Precision Medicine Applications Across the Perioperative Pathway

• ctDNA supports individualized treatment selection by identifying patients at high risk for early recurrence who may benefit from intensified systemic therapy.
• In both muscle‑invasive and select non–muscle‑invasive settings, ctDNA positivity can prompt closer surveillance or earlier therapeutic intervention.
• Serial ctDNA monitoring provides dynamic insight into treatment response during neoadjuvant therapy and systemic therapy, complementing but not replacing imaging.
• ctDNA may eventually help differentiate candidates for chemotherapy versus immunotherapy, though predictive use remains investigational.

Prognostic Value of ctDNA Before and After Neoadjuvant Chemotherapy

• Prospective data demonstrate that ctDNA positivity after TURBT and before neoadjuvant chemotherapy is strongly prognostic for recurrence risk.
• Lack of ctDNA clearance during neoadjuvant therapy is a more powerful predictor of recurrence than pathologic response at cystectomy.
• Median lead time from ctDNA positivity to radiographic recurrence is approximately 96 days, enabling earlier identification of molecular relapse.
• Patients who remain ctDNA‑negative throughout neoadjuvant therapy and after cystectomy have excellent outcomes, with 100% overall survival reported in some cohorts.

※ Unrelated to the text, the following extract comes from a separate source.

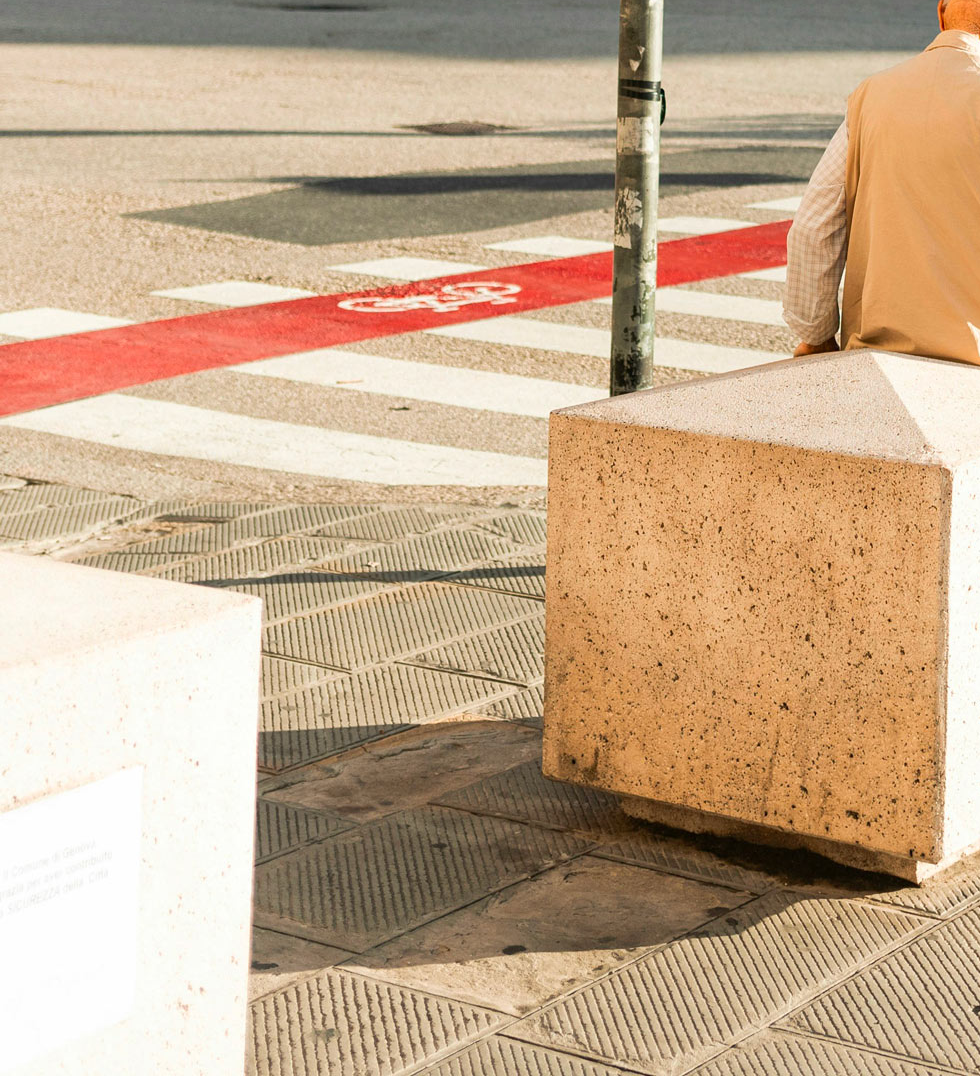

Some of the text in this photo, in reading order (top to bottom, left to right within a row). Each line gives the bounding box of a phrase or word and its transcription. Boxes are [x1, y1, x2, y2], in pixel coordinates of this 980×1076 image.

[11, 858, 50, 879] Comune
[62, 839, 97, 859] Genova
[7, 884, 60, 915] SICUREZZA
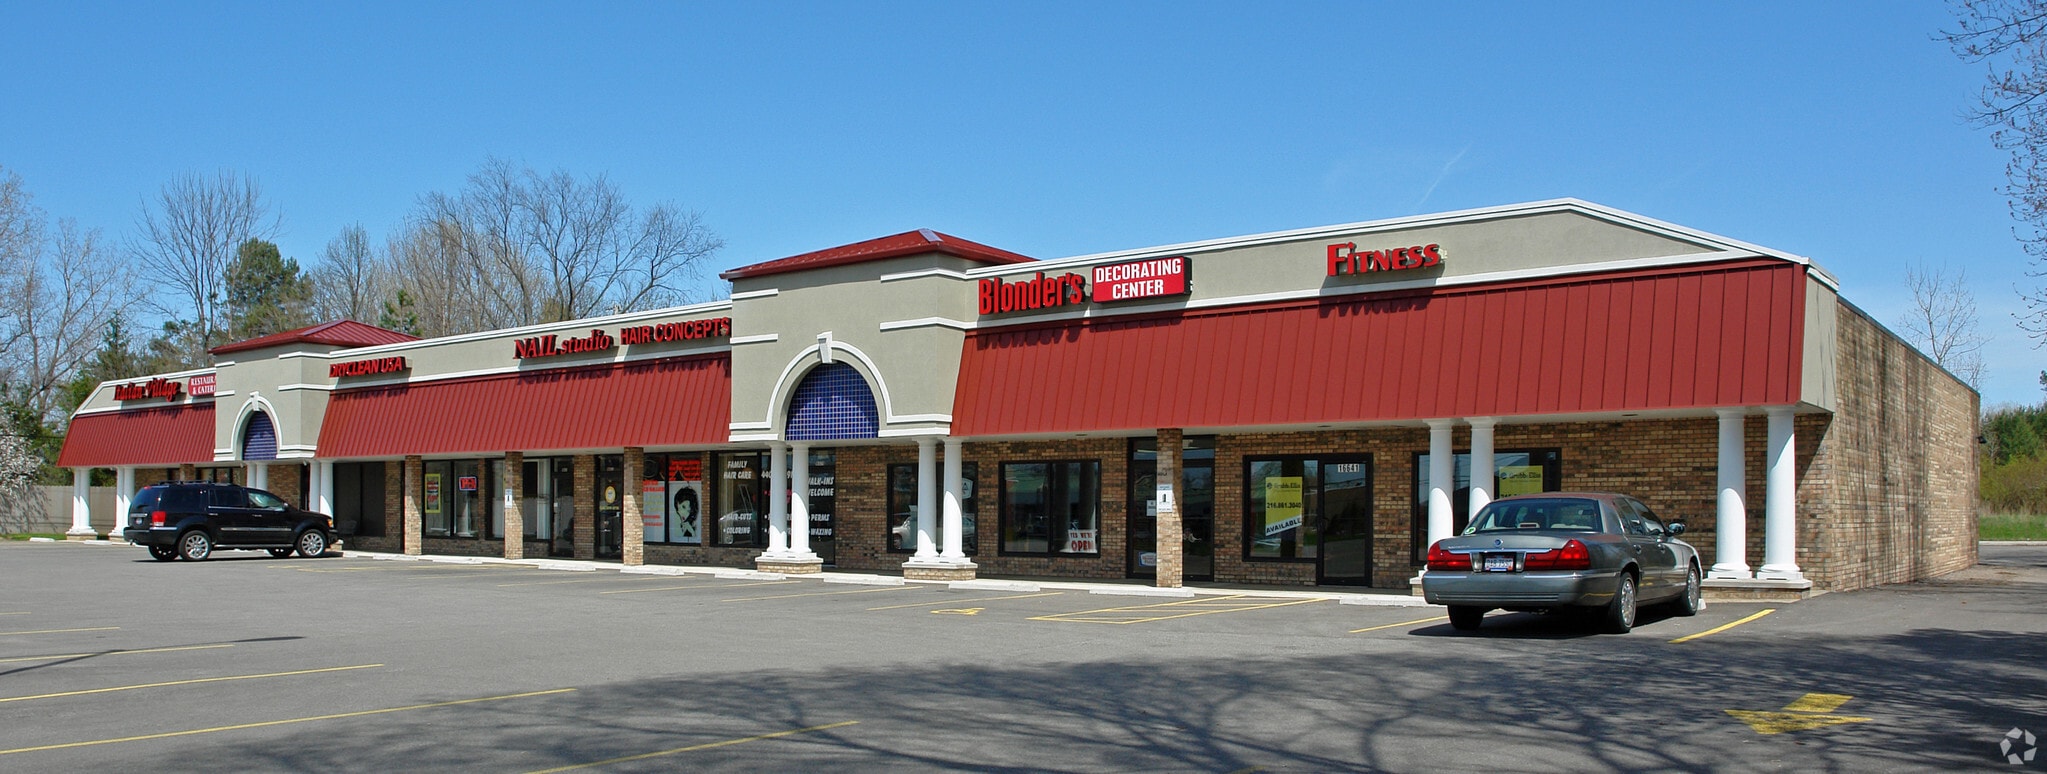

Integrating ctDNA Into Multidisciplinary Decision‑Making

• Multidisciplinary review is essential when ctDNA is positive before neoadjuvant therapy, as these patients may require intensified systemic therapy or modified perioperative planning.
• Persistent ctDNA positivity despite stable imaging should prompt coordinated evaluation of high‑risk features rather than passive observation.
• Cross‑specialty communication ensures that ctDNA results are interpreted in context with pathology, imaging, and clinical risk factors.
• Shared access to ctDNA results across teams supports consistent messaging to patients and timely escalation of care when needed.

Content is accurate as of the date of release on 16 March 2026.